When you copy the records, keep every word exact and leave the pictures out.

§ Data excerpts
- - -
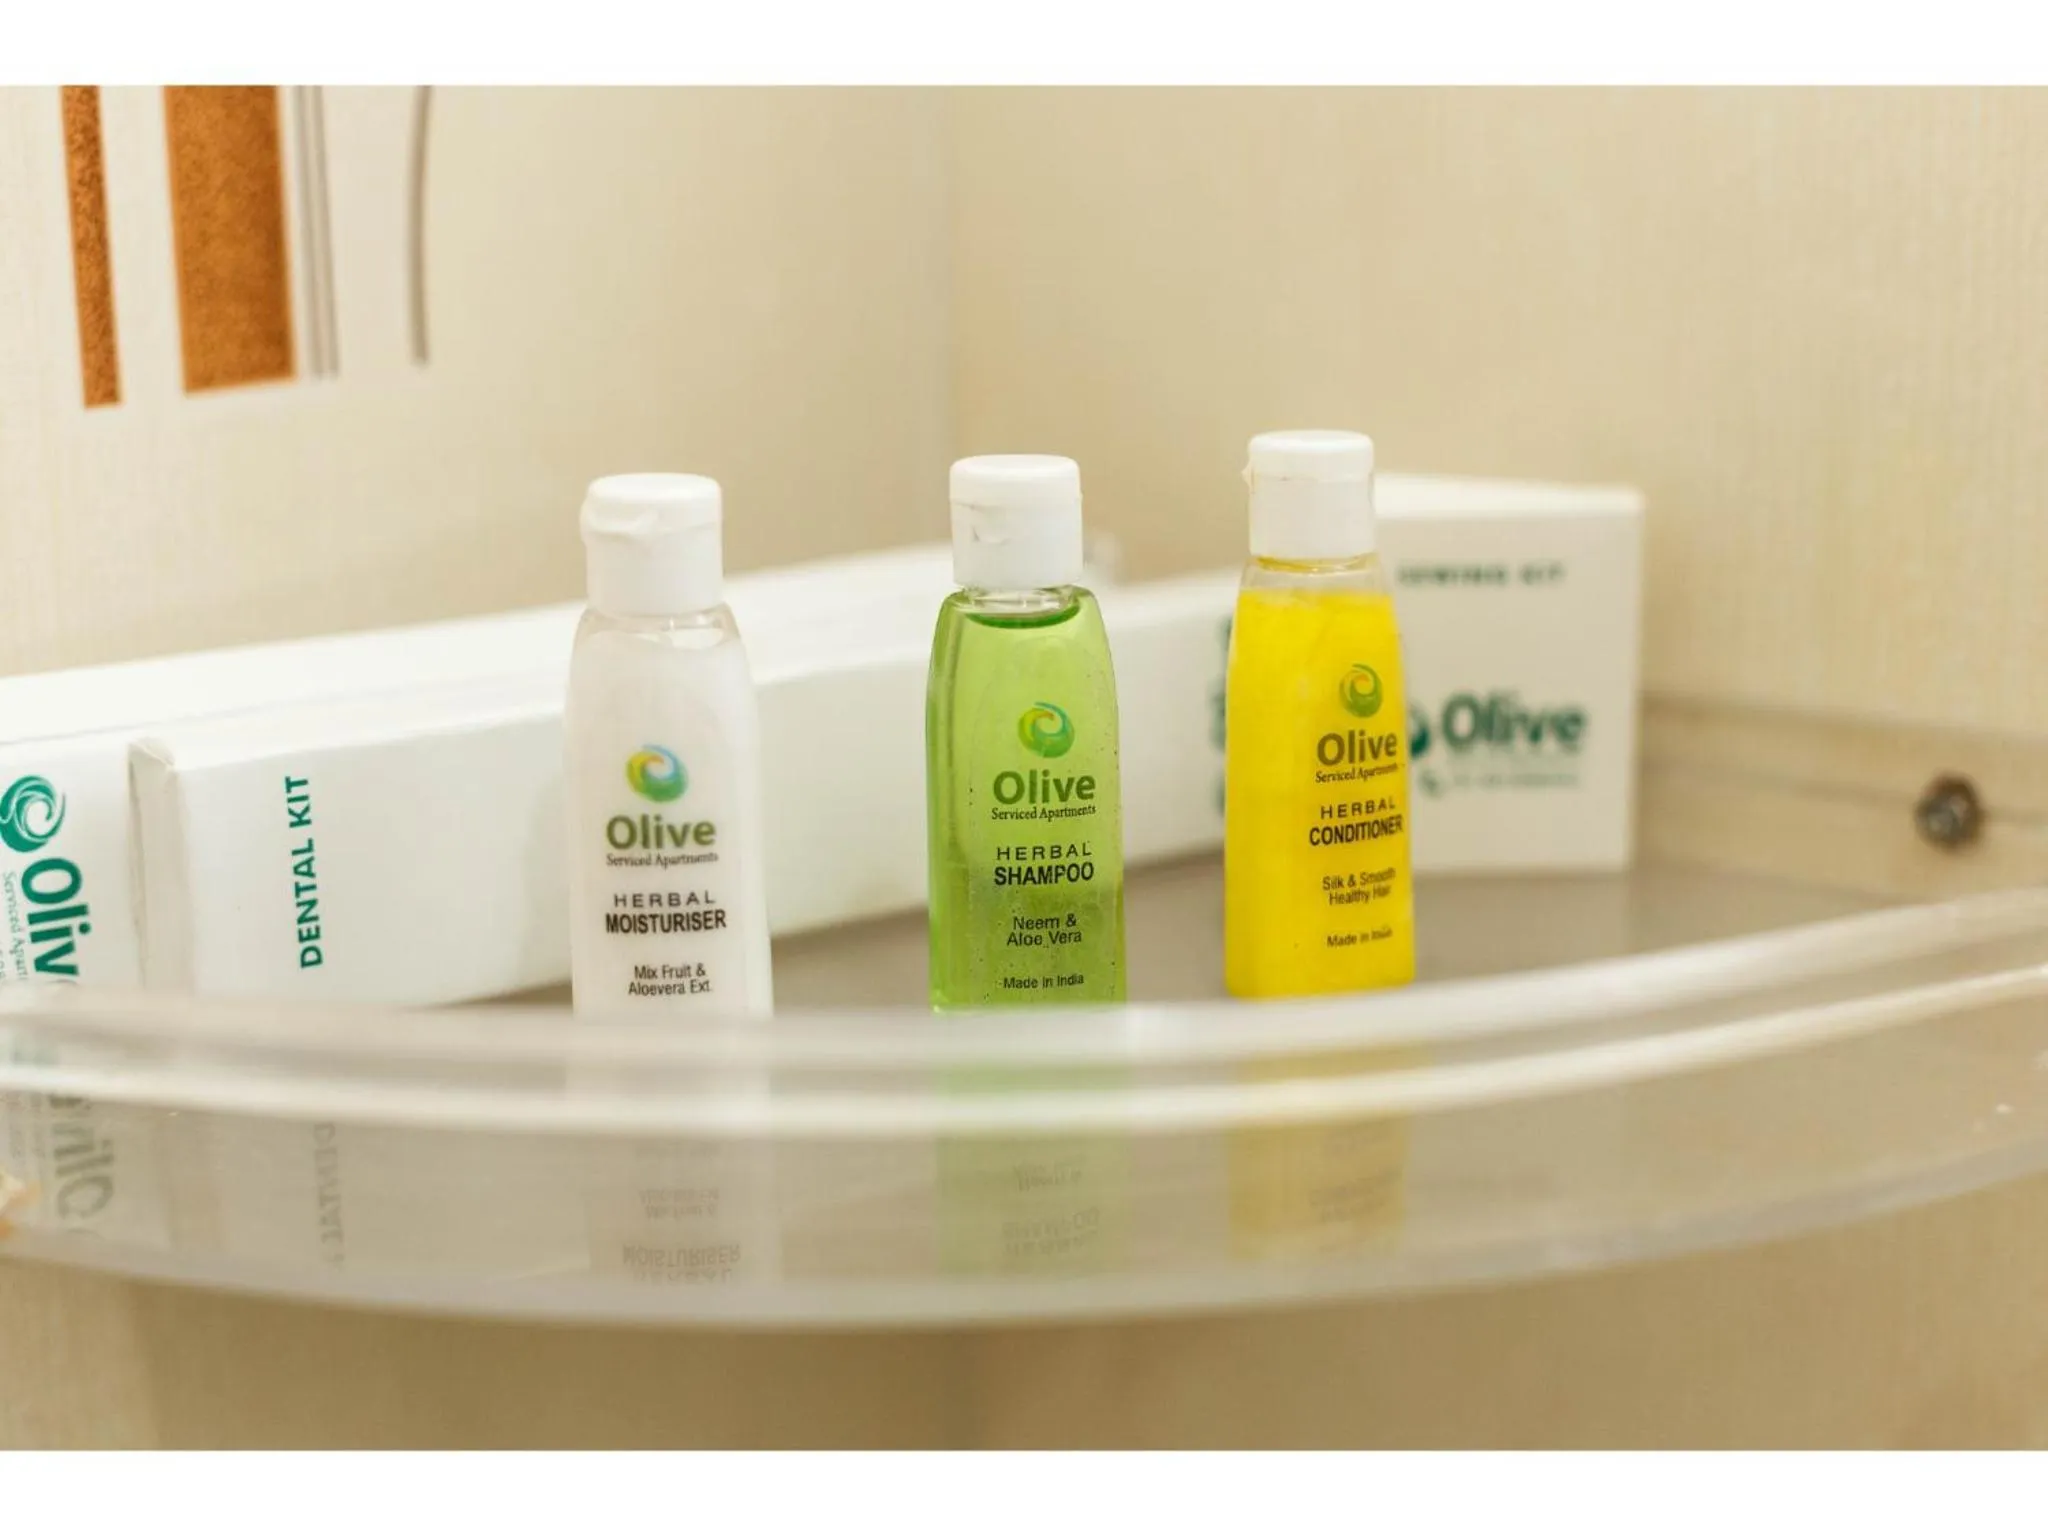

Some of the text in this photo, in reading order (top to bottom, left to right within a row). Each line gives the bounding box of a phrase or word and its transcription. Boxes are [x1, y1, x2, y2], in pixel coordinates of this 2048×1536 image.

[1440, 690, 1587, 752] Olive
[1316, 729, 1398, 767] Olive
[1315, 767, 1356, 784] Serviced
[992, 769, 1096, 805] Olive
[991, 804, 1097, 822] Serviced Apartments
[1320, 798, 1396, 820] HERBAL
[605, 814, 717, 850] Olive
[1308, 814, 1404, 846] CONDITIONER
[605, 852, 719, 870] Serviced Apartments
[996, 843, 1092, 861] HERBAL
[284, 776, 324, 969] DENTAL KIT
[994, 861, 1095, 886] SHAMPOO
[1322, 876, 1345, 891] Silk
[1347, 874, 1357, 888] &
[613, 890, 716, 908] HERBAL
[1329, 889, 1370, 905] Healthy
[21, 857, 91, 984] Oliv
[605, 909, 727, 935] MOISTURISER
[1013, 913, 1077, 930] Neem &
[1007, 930, 1082, 946] Aloe Vera
[1327, 934, 1358, 949] Made
[634, 962, 707, 980] Mix Fruit &
[628, 979, 686, 997] Aloevera
[1003, 973, 1084, 989] Made in India
- - -
§ Written solution
Some of the text in this photo, in reading order (top to bottom, left to right within a row). Each line gives the bounding box of a phrase or word and its transcription. Boxes are [x1, y1, x2, y2], in pixel coordinates of this 2048×1536 image.

[1440, 690, 1587, 752] Olive
[1316, 729, 1398, 767] Olive
[1315, 767, 1356, 784] Serviced
[992, 769, 1096, 805] Olive
[991, 804, 1097, 822] Serviced Apartments
[1320, 798, 1396, 820] HERBAL
[605, 814, 717, 850] Olive
[1308, 814, 1404, 846] CONDITIONER
[605, 852, 719, 870] Serviced Apartments
[996, 843, 1092, 861] HERBAL
[284, 776, 324, 969] DENTAL KIT
[994, 861, 1095, 886] SHAMPOO
[1322, 876, 1345, 891] Silk
[1347, 874, 1357, 888] &
[613, 890, 716, 908] HERBAL
[1329, 889, 1370, 905] Healthy
[21, 857, 91, 984] Oliv
[605, 909, 727, 935] MOISTURISER
[1013, 913, 1077, 930] Neem &
[1007, 930, 1082, 946] Aloe Vera
[1327, 934, 1358, 949] Made
[634, 962, 707, 980] Mix Fruit &
[628, 979, 686, 997] Aloevera
[1003, 973, 1084, 989] Made in India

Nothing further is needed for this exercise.